If you were to sit down and outline all of the reasons why Chelsea may or may not win the Premier League this season, I think you’d struggle to come up with many viable causes for optimism or concern that weren’t made evident in Saturday’s defeat of Fulham. Essentially, the game was little more than your typical ‘top v bottom’ clash, with the disparity in quality mainly responsible for the result, as opposed to any tactical decisions or discrepancies in desire, per se. The result was a routine one ultimately, against a side all but incapable of troubling us (if we’re being honest) but it also aptly highlighted I thought, all of the flaws which I still predict will see us end up falling just short.
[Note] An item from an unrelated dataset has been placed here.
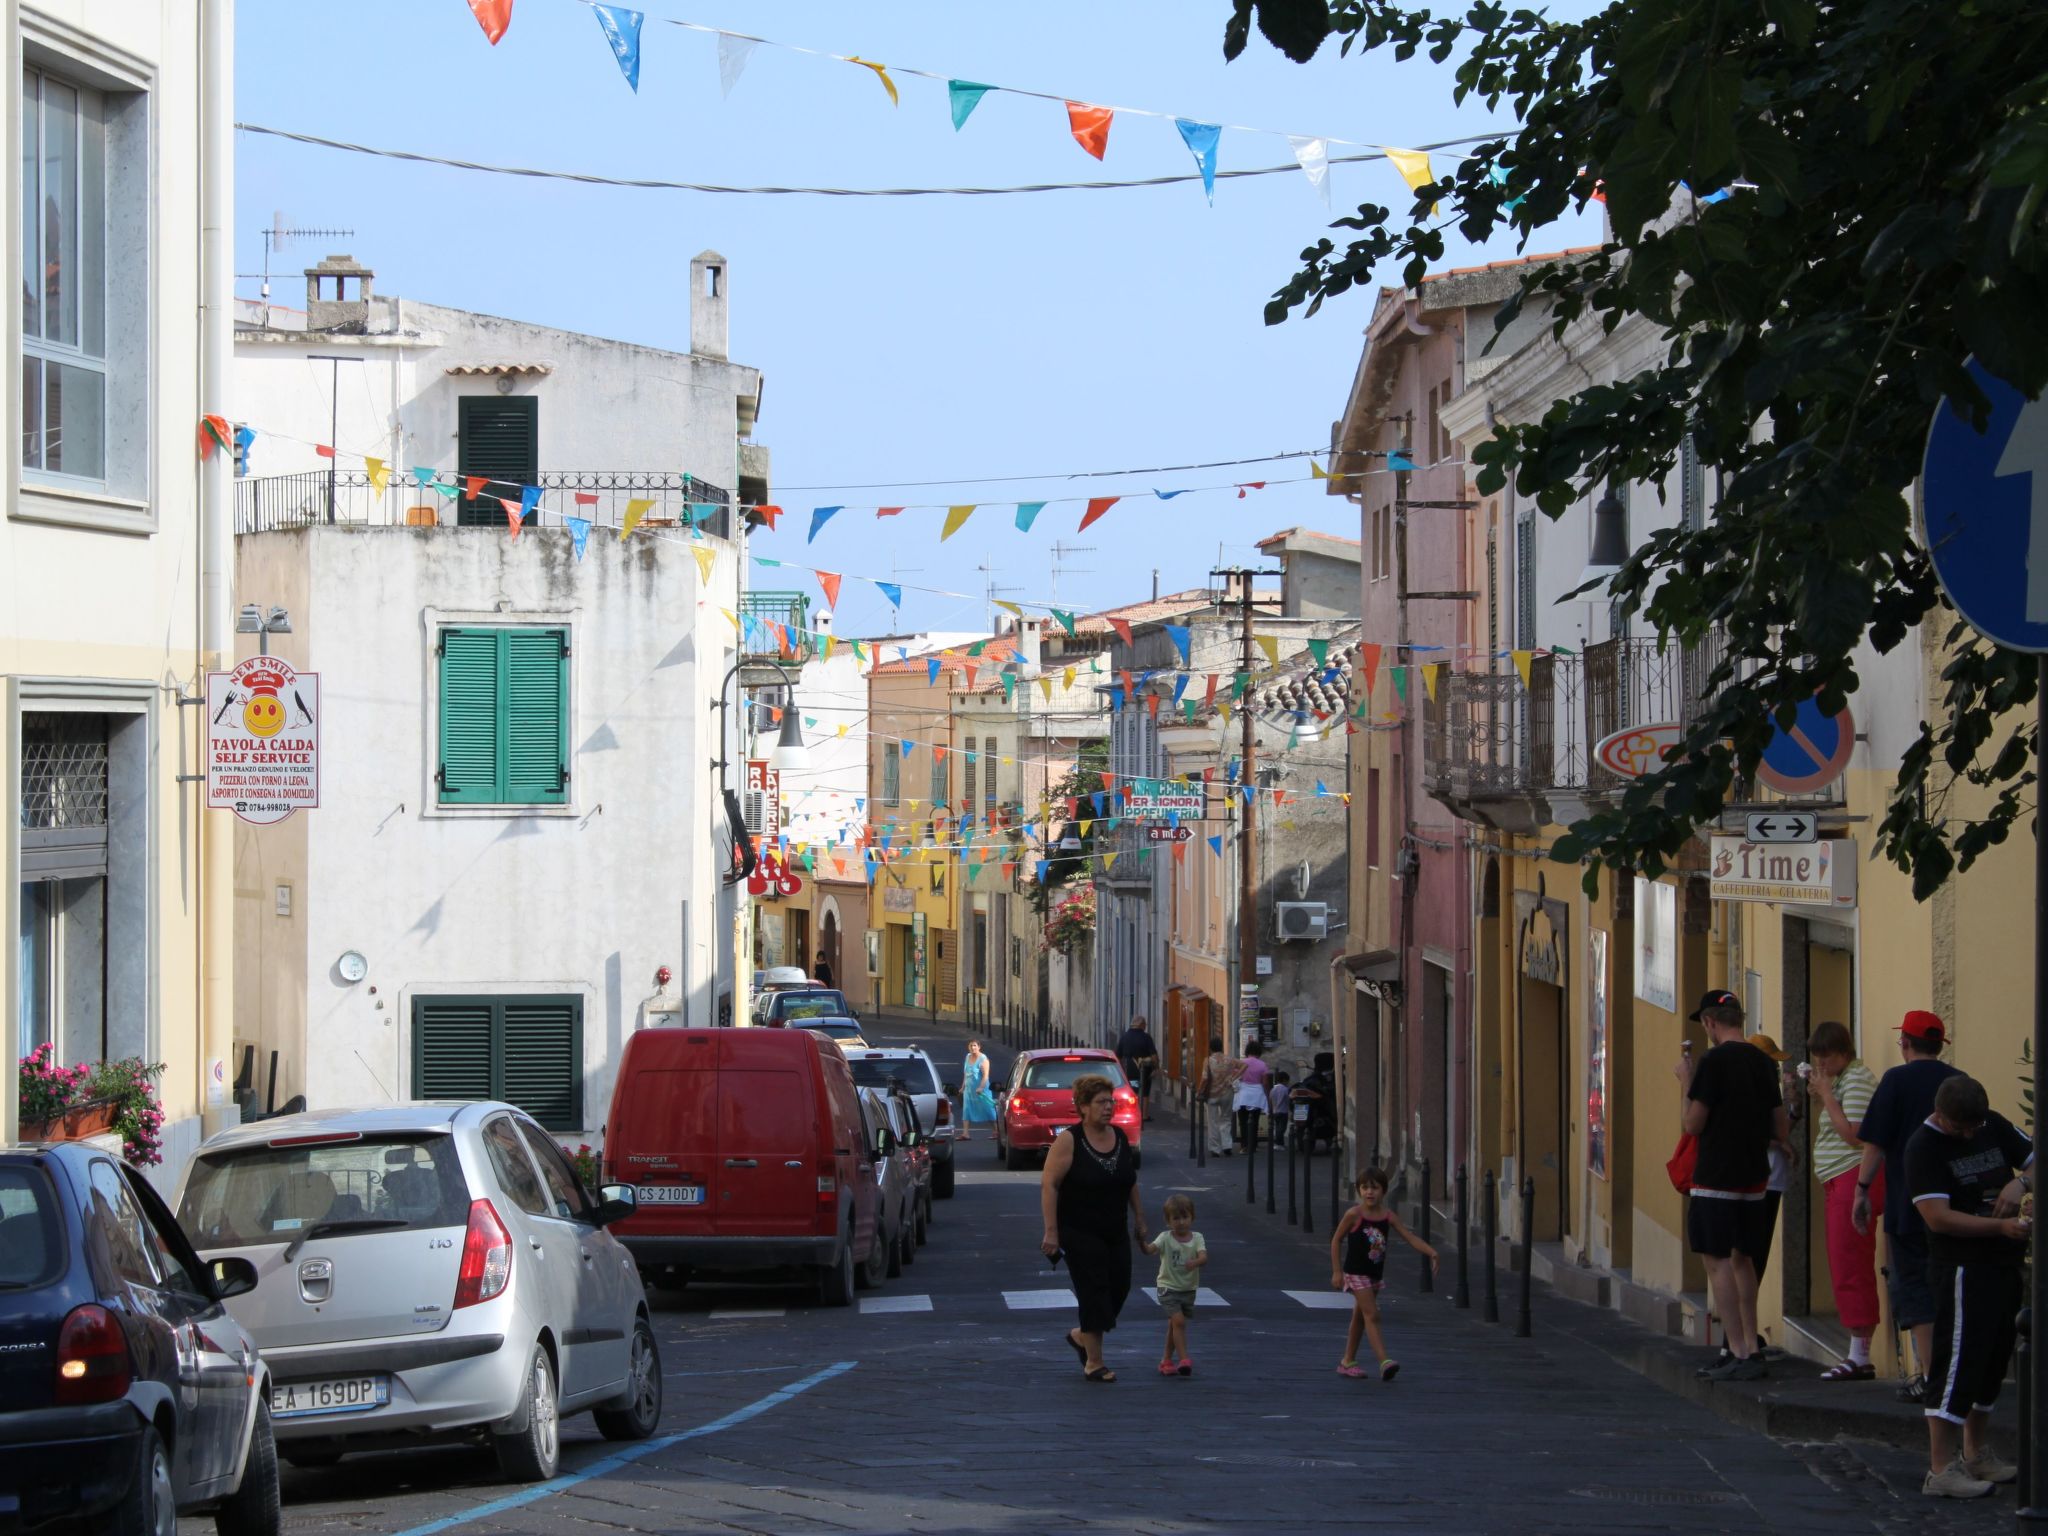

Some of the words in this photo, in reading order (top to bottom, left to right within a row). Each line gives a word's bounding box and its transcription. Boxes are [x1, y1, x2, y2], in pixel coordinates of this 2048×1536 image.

The particularly slow and lethargic start we made to the game could be partly accredited I suppose, to the return flight from Turkey made less than 72 hours previously, but it was also fairly representative of how frustratingly long it’s taken us recently, to generate some rhythmic intensity to our forward play. In our last nine league games, we’ve failed to score in the first half on six occasions. And it’s this languidness in the beginning of matches that is leaving far too many games open for too long; sooner or later you feel it’s going to catch us out and cost us some important points.
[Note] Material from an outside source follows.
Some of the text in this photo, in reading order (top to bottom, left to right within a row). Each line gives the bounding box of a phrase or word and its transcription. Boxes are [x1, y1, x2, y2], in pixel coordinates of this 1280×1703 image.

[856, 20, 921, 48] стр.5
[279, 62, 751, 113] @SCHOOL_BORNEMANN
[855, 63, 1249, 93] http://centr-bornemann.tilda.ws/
Another issue made plain against the Cottagers, especially in the first half, was that for all the physicality and industriousness of our midfield, it can often yield an alarming lack of guile. None of Ramires, Matic or Oscar are in particularly good form with respect to their passing games at the moment, which consequently is leaving us looking flat and toothless against good defences. And this, of course, is an issue compounded by our most obvious and talked about problem – the lack of consistent and threatening goal scorer. Torres’ fluffing of an early chance on Saturday after catching out Maarten Stekelenburg just made that entire passage of play embarrassing for all involved. And then his missed header from two yards in the second half rounded up a pretty typical performance from a Chelsea CF this season. The fact we are still occasionally conceding goals as soft as Johnny Heitinga’s is another worry – with all of our excellent defensive displays this year threatening to count for nothing if we continue to throw away victories and points, failing to deal with simple crosses into the box, as against West Brom and Galatasaray.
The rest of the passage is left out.